Breast milk doesn’t cost a cent, while the cost of formula quickly adds up. And because of the immunities and antibodies passed onto them through their mothers’ breast milk, breastfed infants are sick less often than infants who receive formula.  That may mean fewer trips to the doctor’s office and fewer prescriptions and medications. Likewise, women who breastfeed are less likely to have to take time off from work to care for their sick baby.
Different tastes
A nursing mother will usually need 500 extra calories per day, which means that she should eat a wide variety of well-balanced foods.  This introduces breastfed babies to different tastes through their mother’ breast milk, which has different flavors depending on what their mothers’ have eaten.  By tasting the foods of their “culture,”  breastfed infants more easily accept solid foods.
Breast feeding is convenient. No need to go to the store for formula; breast milk is always fresh and available.  And when women breastfeed, there’s no need to warm up bottles in the middle of the night, breast milk is always the right temperature. It’s also easy for breastfeeding mother’s to be active – and go out and about – with their babies and know that they’ll have food available for whenever their baby is hungry.

Benefits to mother and baby
Some studies have found that breastfeeding may help protect a child from obesity.  When a breastfed baby feels that they have had enough to eat they come away from the breast, they know when to stop eating.
Some studies also suggest that children who were exclusively breastfed have slightly higher intelligence scores than children who were formula fed.
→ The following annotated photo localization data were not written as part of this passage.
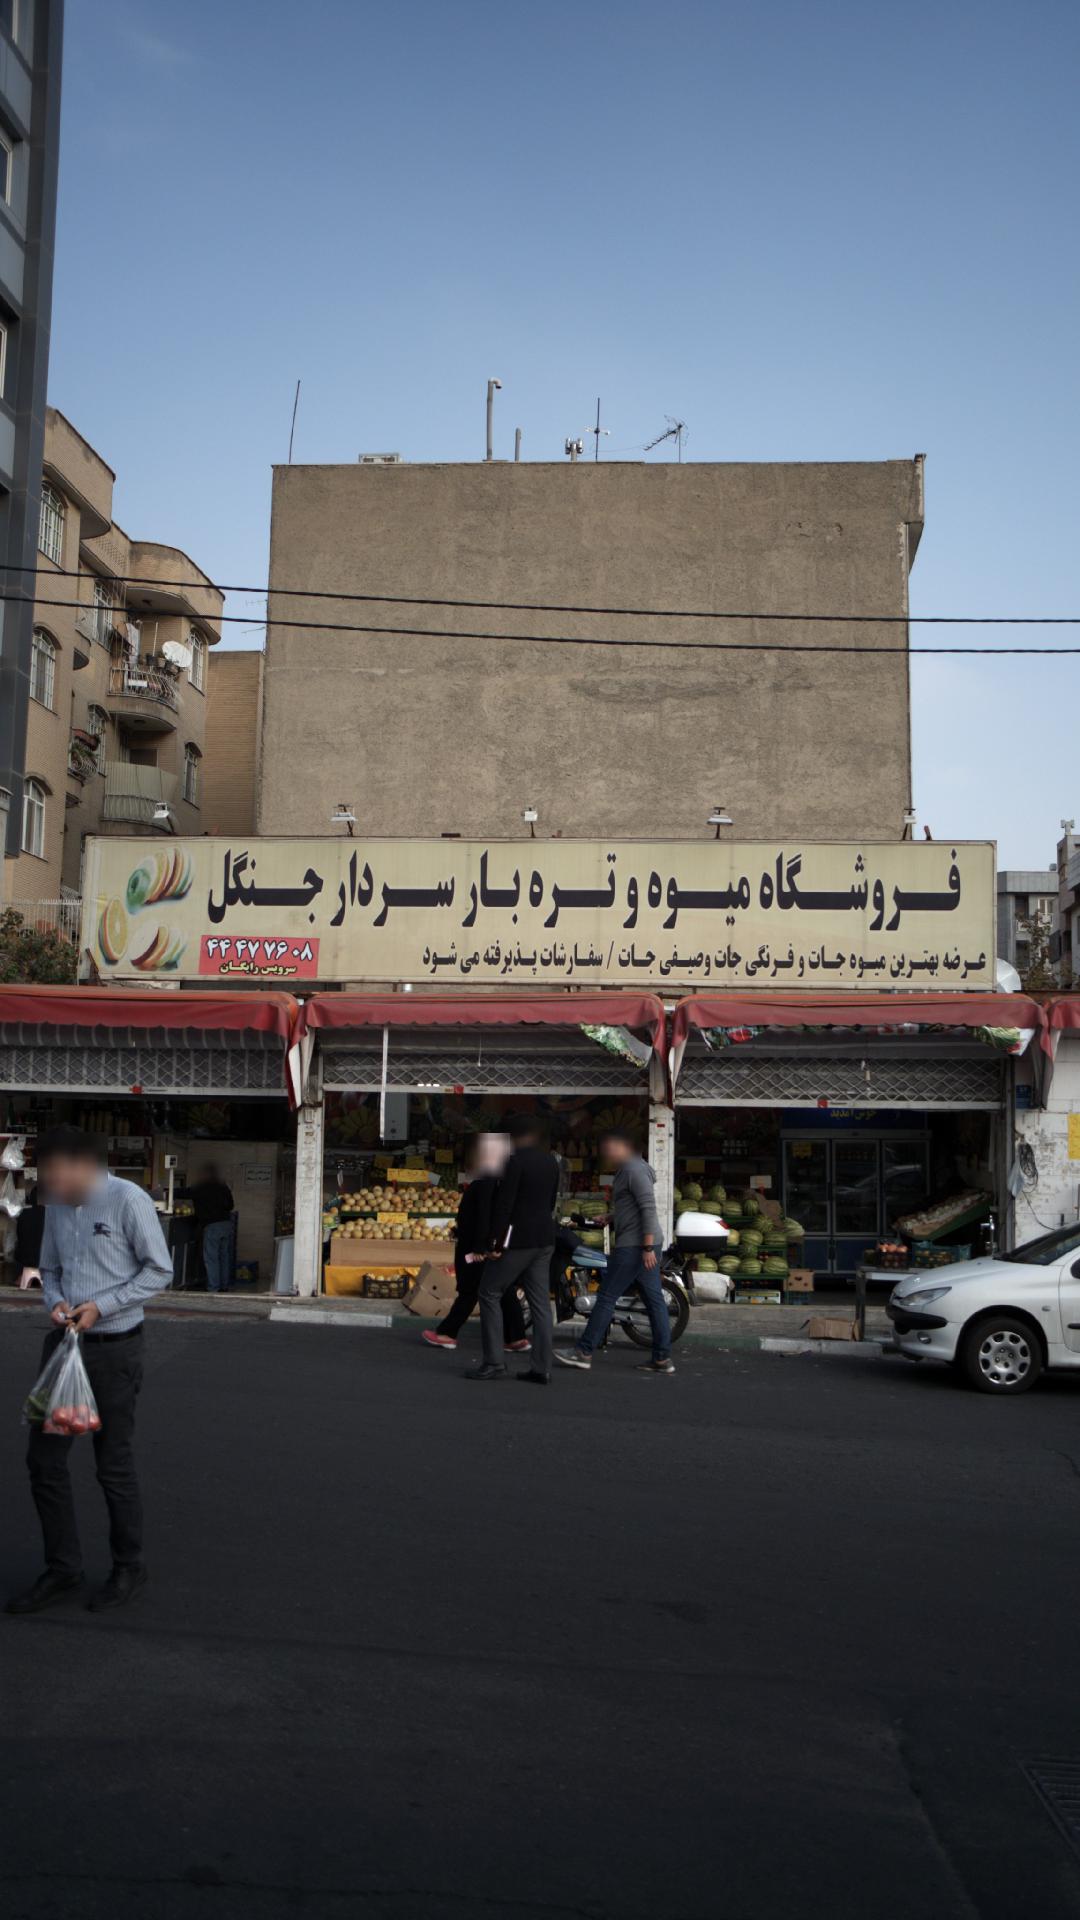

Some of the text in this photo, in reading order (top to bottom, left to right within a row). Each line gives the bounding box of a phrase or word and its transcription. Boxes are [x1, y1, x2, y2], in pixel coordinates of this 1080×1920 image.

[208, 849, 960, 930] فروشگاه میوه و تره بار سردار جنگل
[261, 964, 298, 976] سرویس
[483, 940, 537, 975] پذیرفته
[540, 941, 603, 974] سفارشات
[619, 943, 655, 974] جات
[715, 944, 741, 975] جات
[746, 943, 794, 977] فرنگی
[798, 955, 804, 978] و
[809, 945, 846, 976] جات
[850, 953, 885, 978] میوه
[890, 950, 938, 979] بهترین
[943, 947, 986, 979] عرضه
Many nursing mothers really enjoy the experience of bonding so closely with their babies and skin to skin contact can enhance the emotional connection between a mother and her infant.
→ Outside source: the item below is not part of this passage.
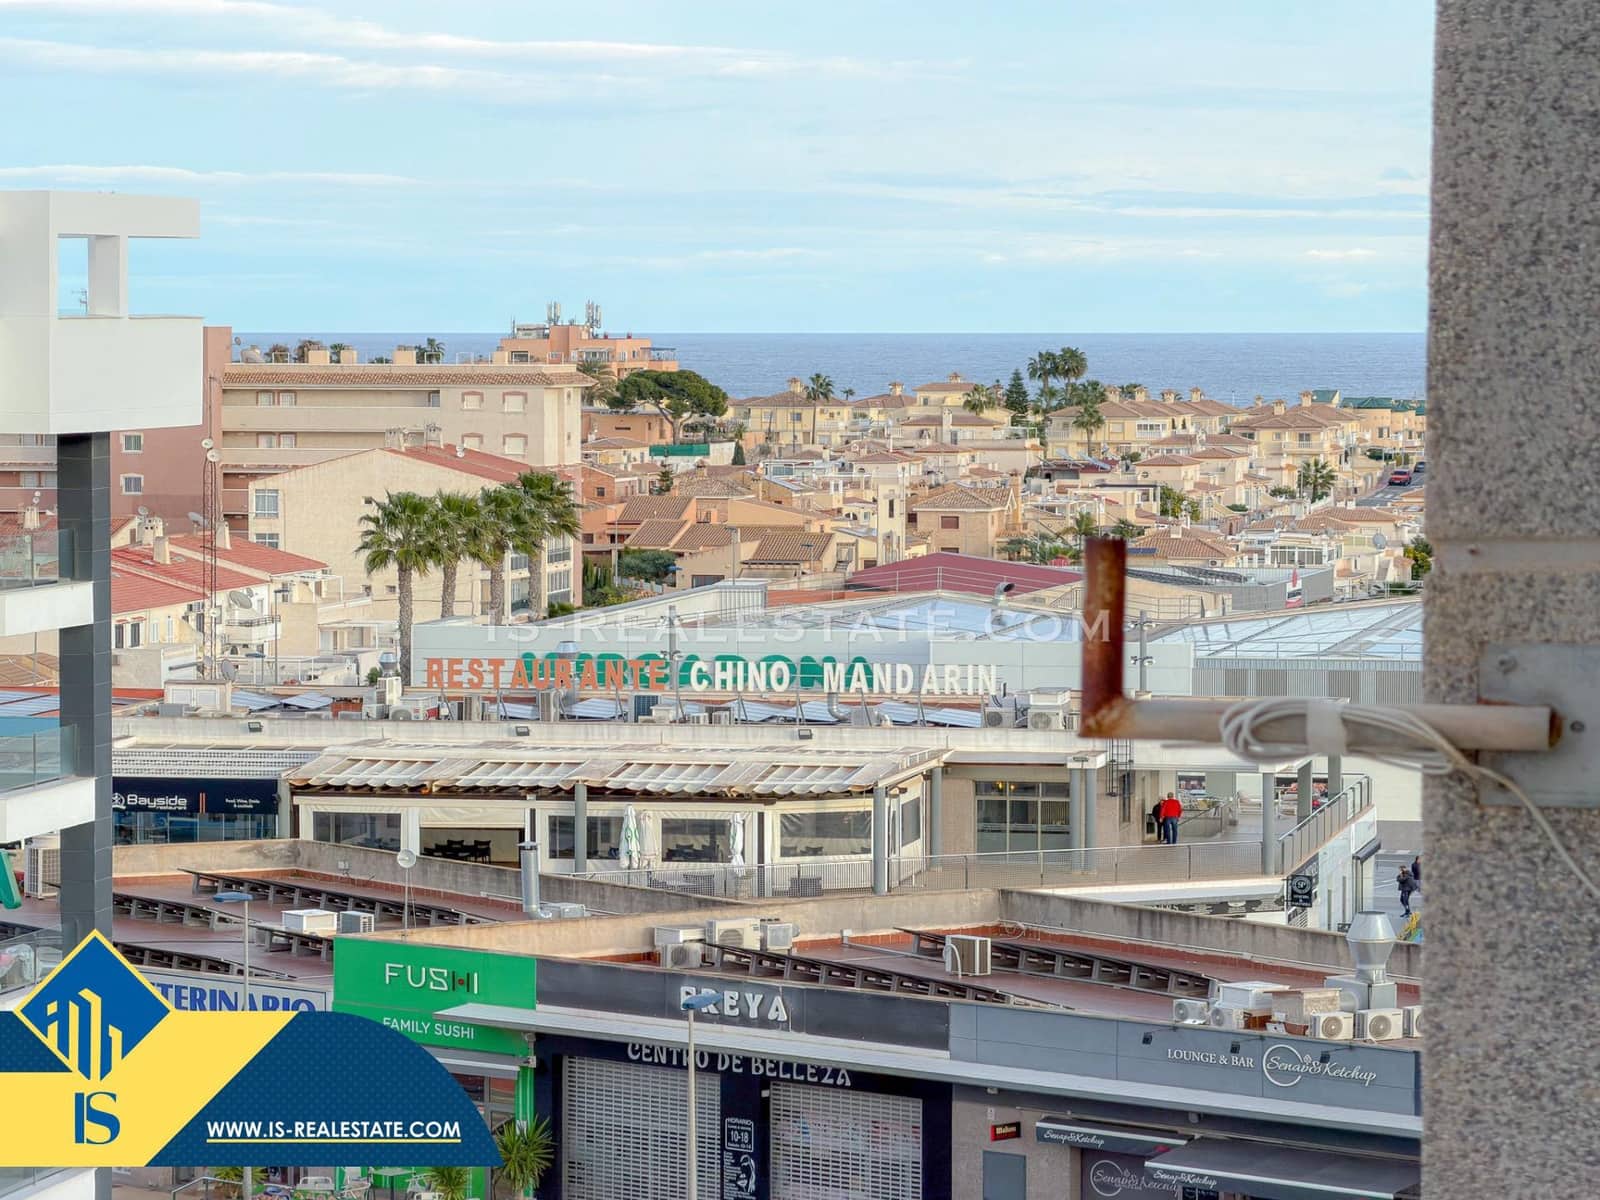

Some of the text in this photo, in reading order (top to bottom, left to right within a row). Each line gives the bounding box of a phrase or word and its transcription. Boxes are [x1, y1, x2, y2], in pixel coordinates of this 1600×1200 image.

The ability to nourish a baby totally can also help a new mother feel confident in her ability to care for her baby. Breastfeeding also burns calories and helps shrink the uterus, so nursing moms may be able to return to their pre-pregnancy shape and weight quicker. In addition, studies show that breastfeeding helps lower the risk of breast cancer, high blood pressure, diabetes, and cardiovascular disease, and also may help decrease the risk of uterine and ovarian cancer.
Breastfeeding challenges
Although it is the best feeding choice for babies and mother, breastfeeding does come with some concerns that new mothers may share.  Where it is easy from the get-go for some, it can be challenging for others. Sometimes, both mother and baby need plenty of patience and persistence to get used to the routine of breastfeeding and sometimes mothers decide it is not the best way to feed their baby.
If you choose breastfeeding you will need support from your partner, your family and your friends. Contact your healthcare professional, a lactation consultant or lactation educator and let them help you achieve your goal to give your new baby the very best nutrition possible - breastmilk.